# top of hip/lower back pain



## colly (29 Dec 2008)

Have had a sore buttock muscle on my right hand side since before xmas. Nothing too serious and a bit of TLC and a massage from my mrs has eased it whenever I felt the need. Hasn't stopped me working or cycling.
However last night it sort of migrated to a spot over the top of my hip, quite high up, and after getting up this morning and walking out with the dog in no discomfort at all I find now a few hours later I am struggling to even sit straight without pain and twisting and moving is painful in the extreme.

I was out on the bike yesterday for 40 miles and had no discomfort at all. 

I have had back problems before but usually it is as a result of pulling a muscle in my back so I knew what to blame. This time I am puzzled.
I've used a chiropractor before and without doubt he helped a great deal.

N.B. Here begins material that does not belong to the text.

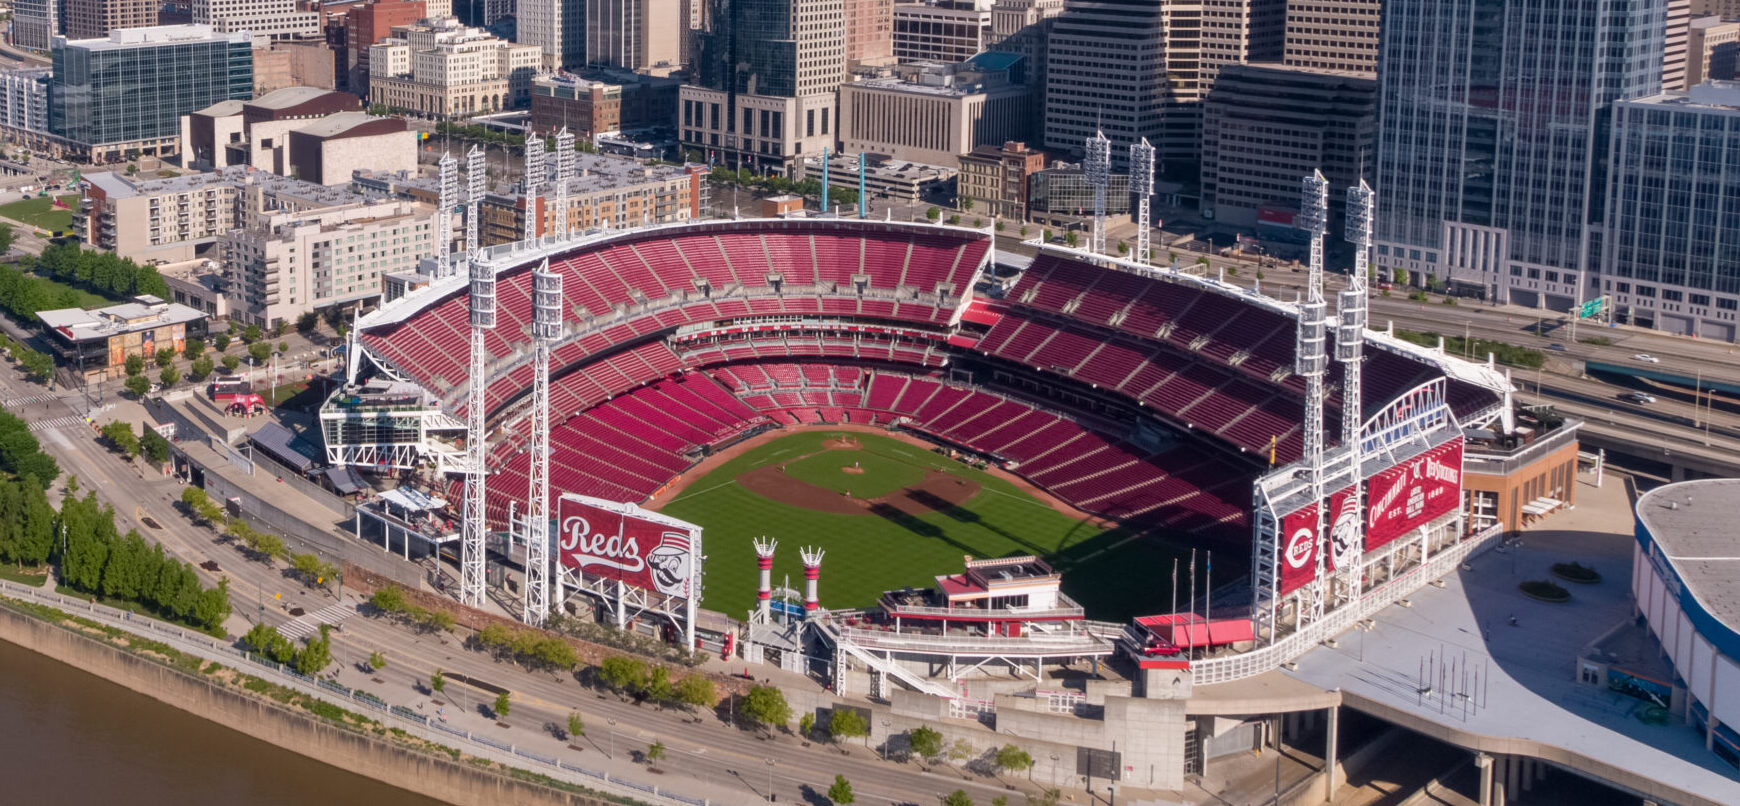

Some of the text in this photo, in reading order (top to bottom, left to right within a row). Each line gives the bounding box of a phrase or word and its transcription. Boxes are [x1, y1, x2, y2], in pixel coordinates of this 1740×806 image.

[1369, 471, 1407, 529] CINCINNATI
[560, 516, 644, 572] Reds
[1293, 538, 1313, 556] REDS

Anyone else had anything similar come on so fast after a kind of period of mild irritation?


----------



## ChrisKH (29 Dec 2008)

Yes. But mine is linked to an old rugby injury (got hit in the back by a trundling maul at speed), the carrying of a folder through train stations and picking up my youngest son to use the toilet in the middle of the night. It is particularly evident during the winter and goes away in the summer. I have had extensive physio and he has said don't carry the bike or my son which is a no go for starters. Cycling doesn't really effect it unless my Brompton seat post is over extended and I roll my hips when pedalling. I just lift things with a straight back, avoid over-stretching and use a back support when doing manual labour. Extended rest (like over the Xmas break) helps as does a week of walking rather than cycling.


----------



## Fab Foodie (29 Dec 2008)

I have something similar, for the last 6 months it's been quite bad, I wake up in a fair amount of pain. It'as OK-ish once I get moving though. Sitting around like the last few days makes it worse, cycling provides some temporary relief. I've noticed that my spine has over the years developed a pronounced inward curve. I'm not sure if it's all related, BUT, I do know that Hamstring tightness plays a large part in the pain and really good powerful stretches (done gently) really improves the situation. I'm gonna see the doc in the New Year. I'm wondering if my core muscles are out of balence, too strong at the back and not enough at the front.
Certainly stretch those hamstrings.
It might be Sciatica of course...


----------



## colly (29 Dec 2008)

Many thanks for your replies.

I have a feeling it may be tight hamstrings as suggested. I was standing leaning on the kitchen worktop just now and extending my right leg downwards at the back made me nearly jump out of my skin.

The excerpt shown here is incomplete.